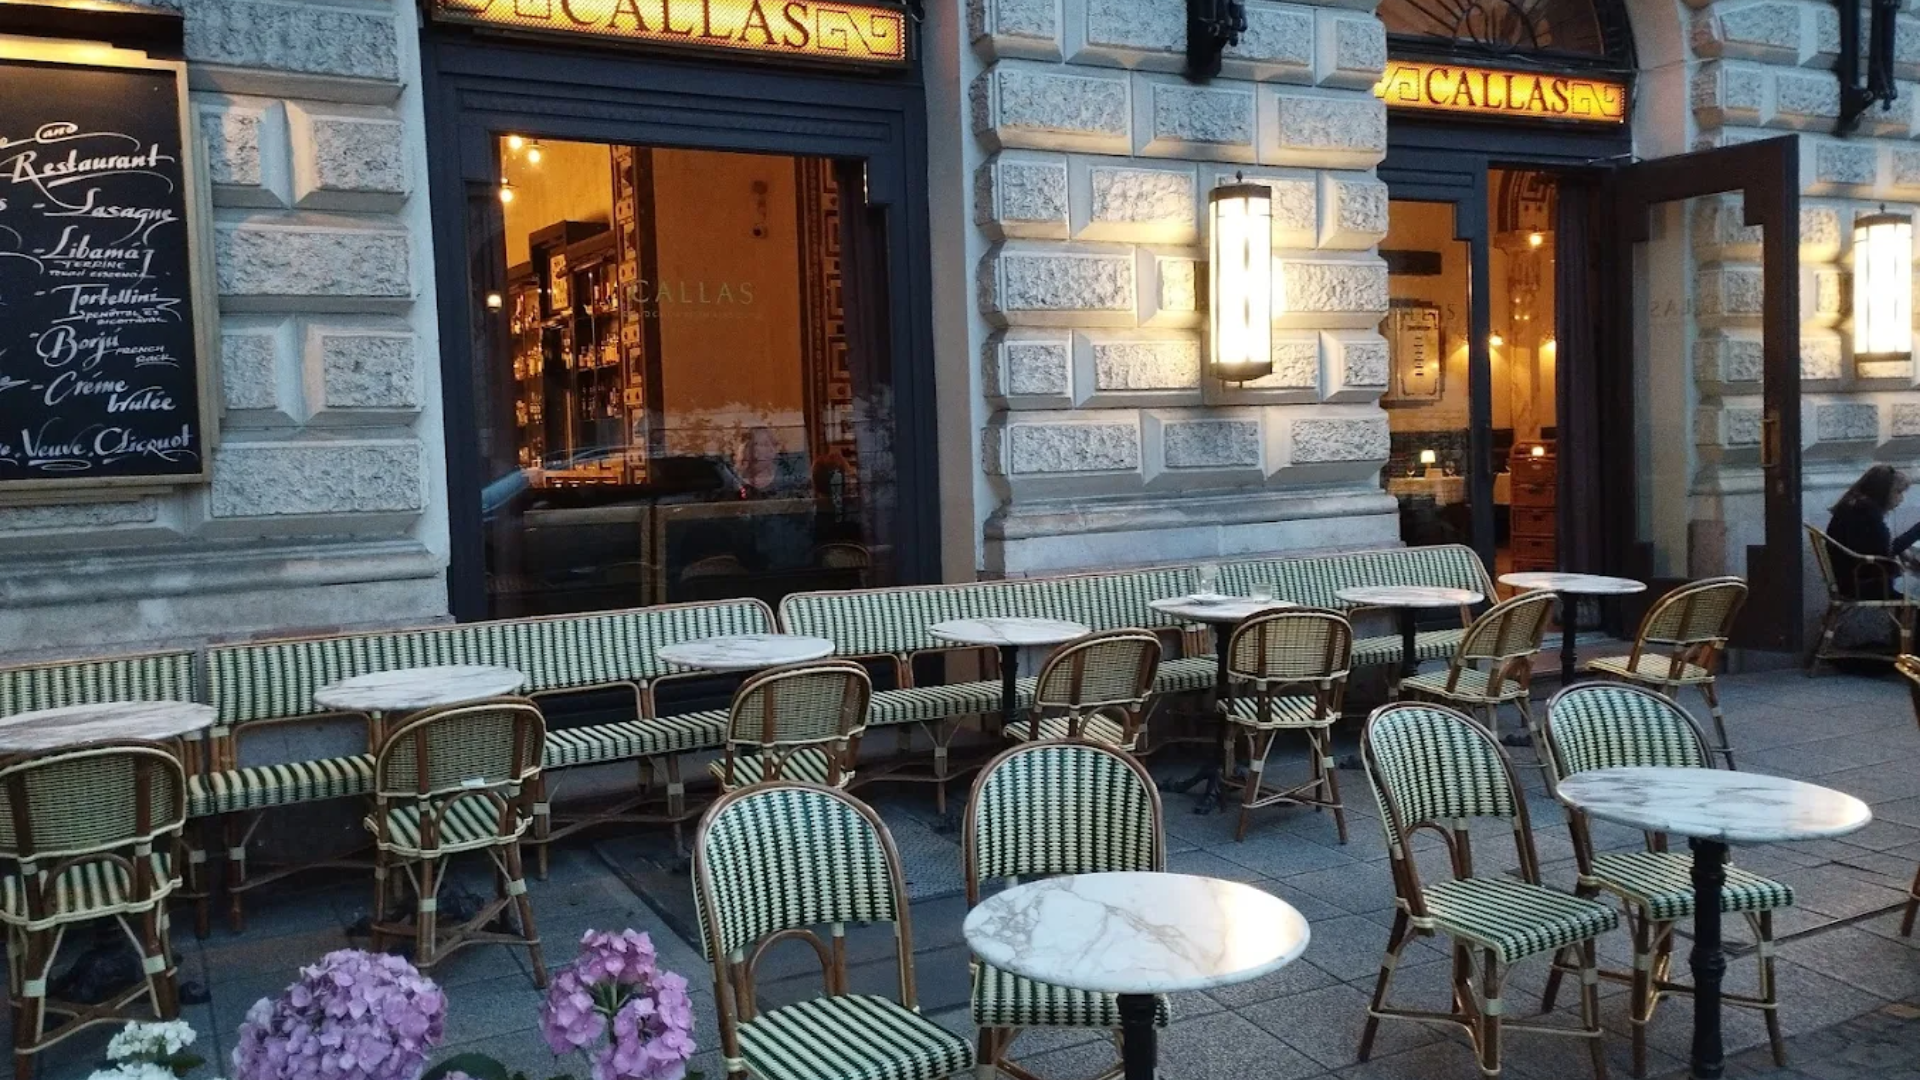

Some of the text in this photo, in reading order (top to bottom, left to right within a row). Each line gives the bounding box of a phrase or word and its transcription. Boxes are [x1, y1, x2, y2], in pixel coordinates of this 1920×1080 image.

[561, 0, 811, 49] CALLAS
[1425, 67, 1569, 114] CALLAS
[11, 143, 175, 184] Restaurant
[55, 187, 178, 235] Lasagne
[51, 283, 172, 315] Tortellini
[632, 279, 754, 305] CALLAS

· · ·

The task: An exact transcription of all the entries is required, without the pictures.

Response to this exercise:
Some of the text in this photo, in reading order (top to bottom, left to right within a row). Each line gives the bounding box of a phrase or word and its transcription. Boxes are [x1, y1, x2, y2], in pixel coordinates of this 1920×1080 image.

[561, 0, 811, 49] CALLAS
[1425, 67, 1569, 114] CALLAS
[11, 143, 175, 184] Restaurant
[55, 187, 178, 235] Lasagne
[51, 283, 172, 315] Tortellini
[632, 279, 754, 305] CALLAS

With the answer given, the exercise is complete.